--- Entries shown Enclosed Below ---

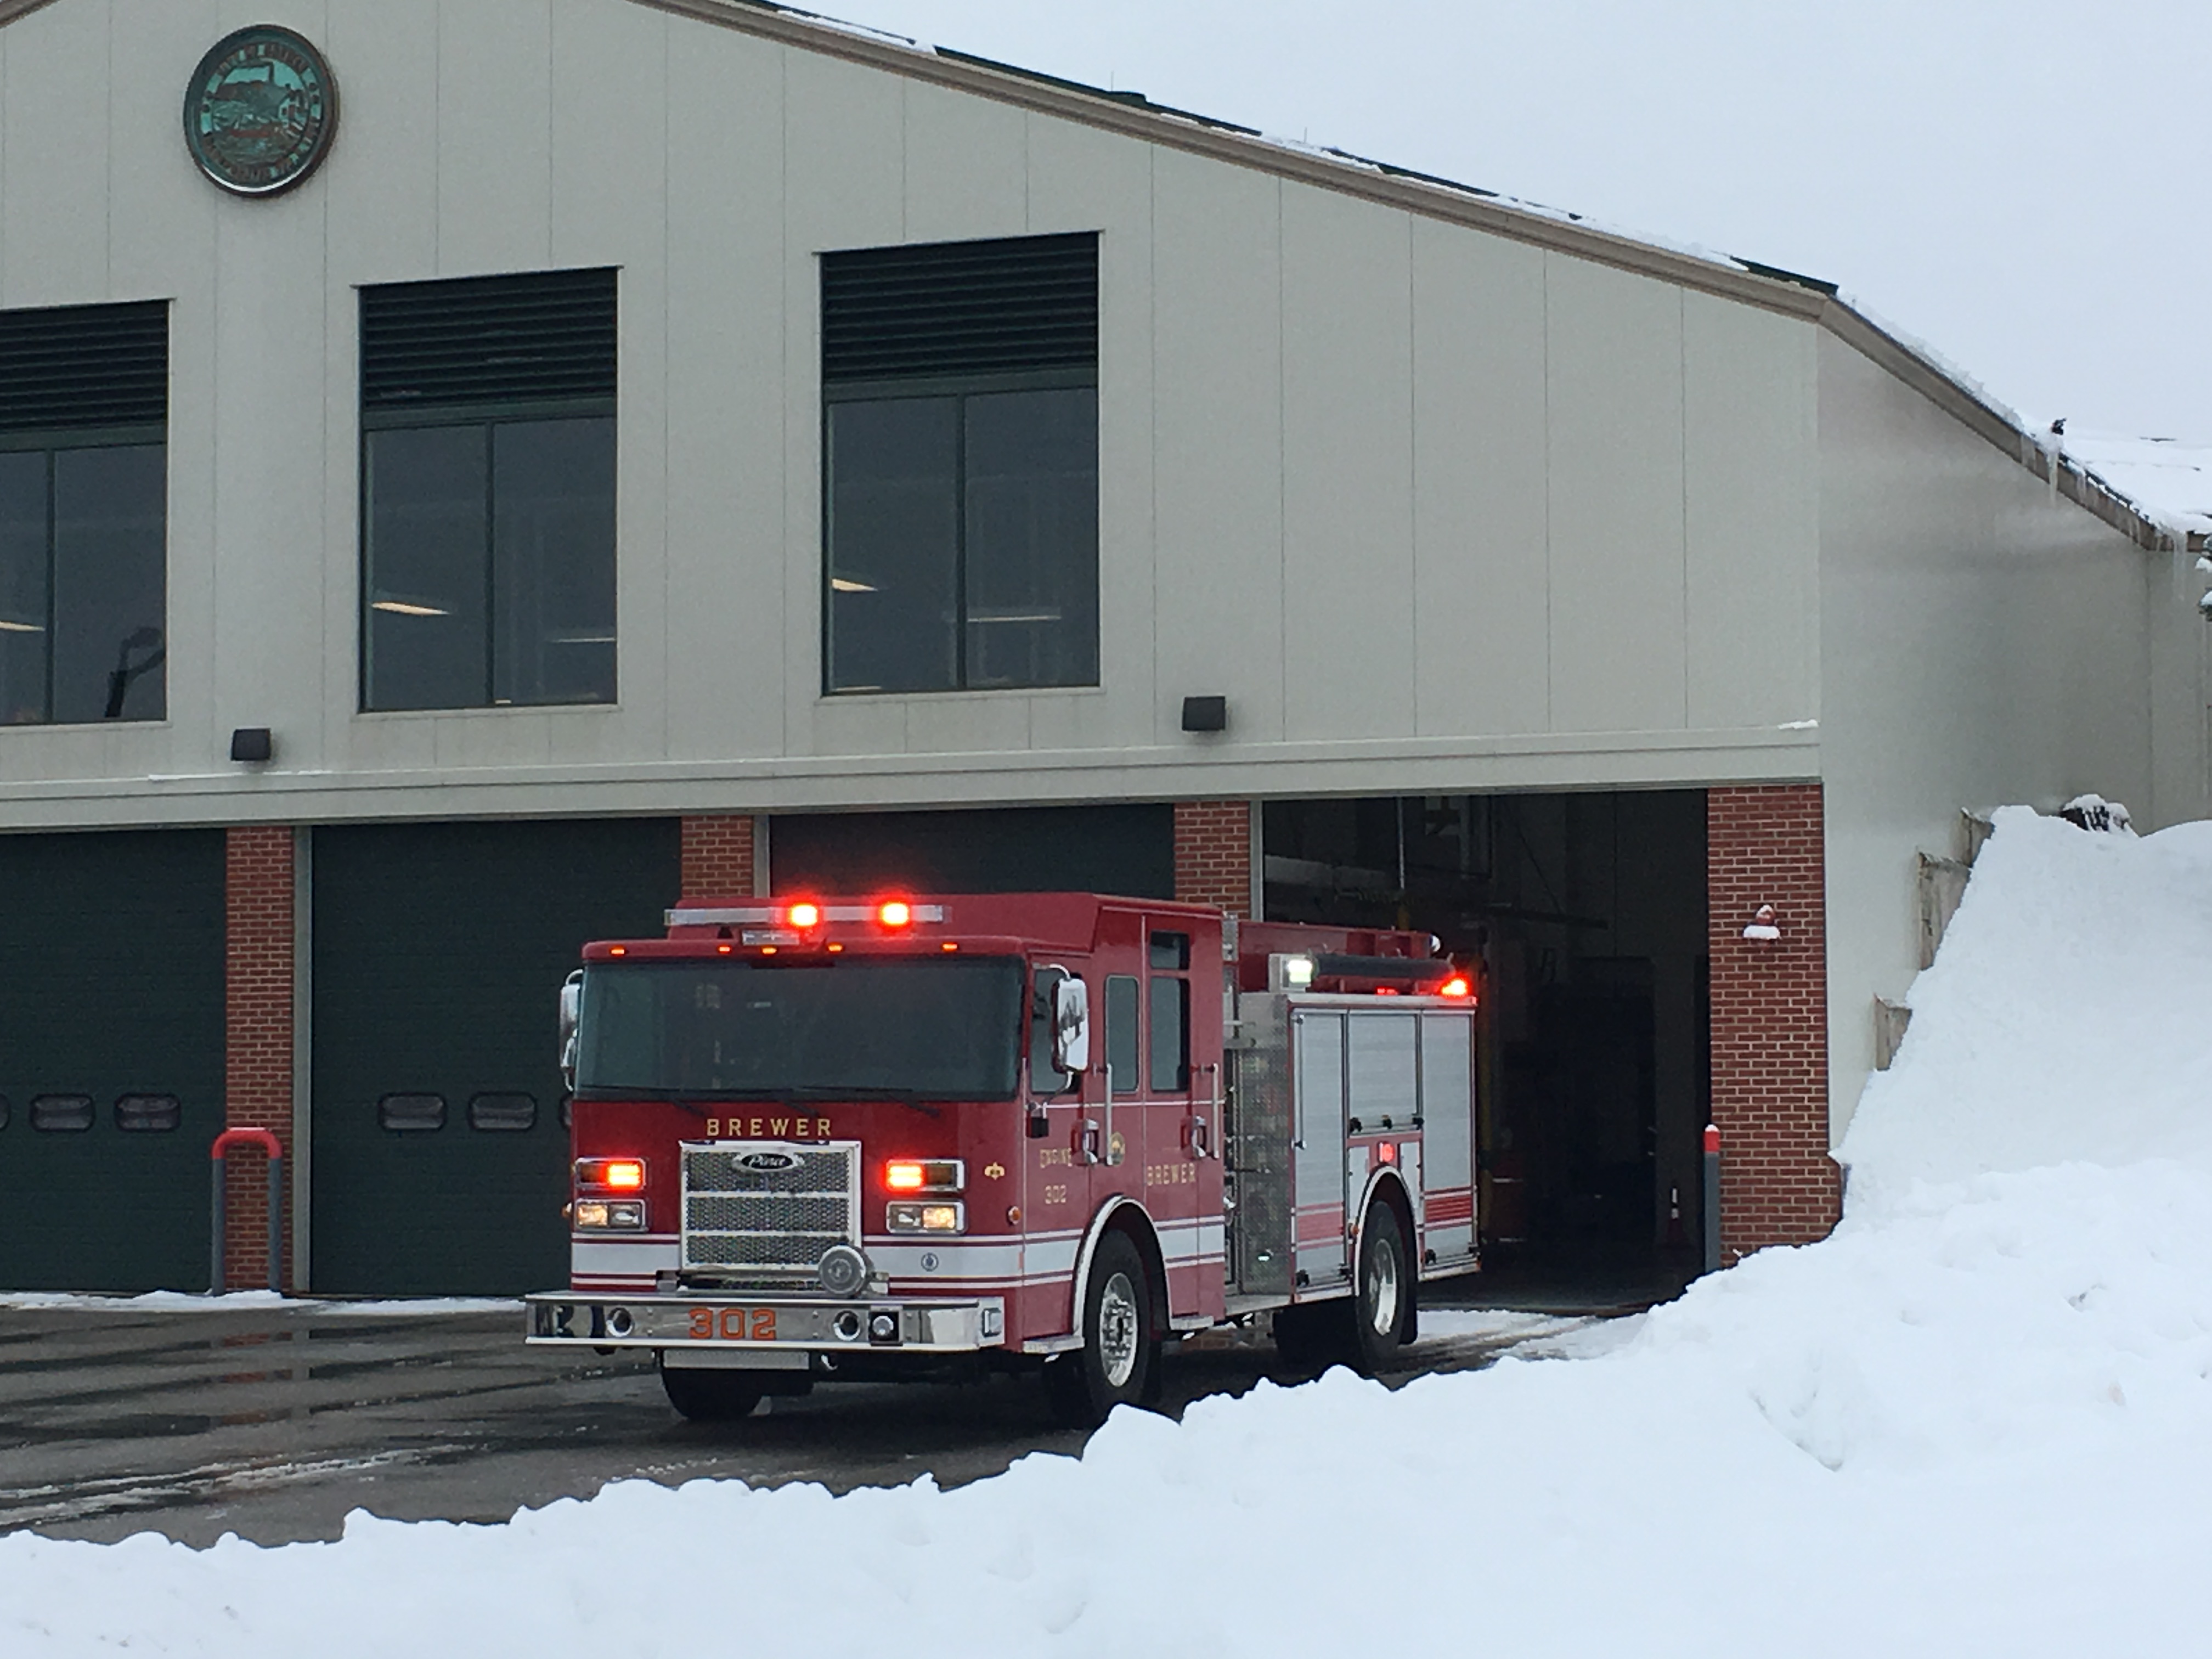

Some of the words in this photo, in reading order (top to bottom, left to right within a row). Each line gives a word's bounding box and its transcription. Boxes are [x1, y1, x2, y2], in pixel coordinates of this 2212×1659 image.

[707, 1119, 831, 1136] BREWER
[1147, 1163, 1195, 1186] BREWER
[1045, 1185, 1066, 1204] 302
[689, 1307, 776, 1340] 302

--- End of Enclosed Entries shown ---

◆ **Task to carry out**: Above are the records; copy every one of them exactly and omit the images.

◆ **Answer space**:
Some of the words in this photo, in reading order (top to bottom, left to right within a row). Each line gives a word's bounding box and its transcription. Boxes are [x1, y1, x2, y2], in pixel coordinates of this 2212×1659 image.

[707, 1119, 831, 1136] BREWER
[1147, 1163, 1195, 1186] BREWER
[1045, 1185, 1066, 1204] 302
[689, 1307, 776, 1340] 302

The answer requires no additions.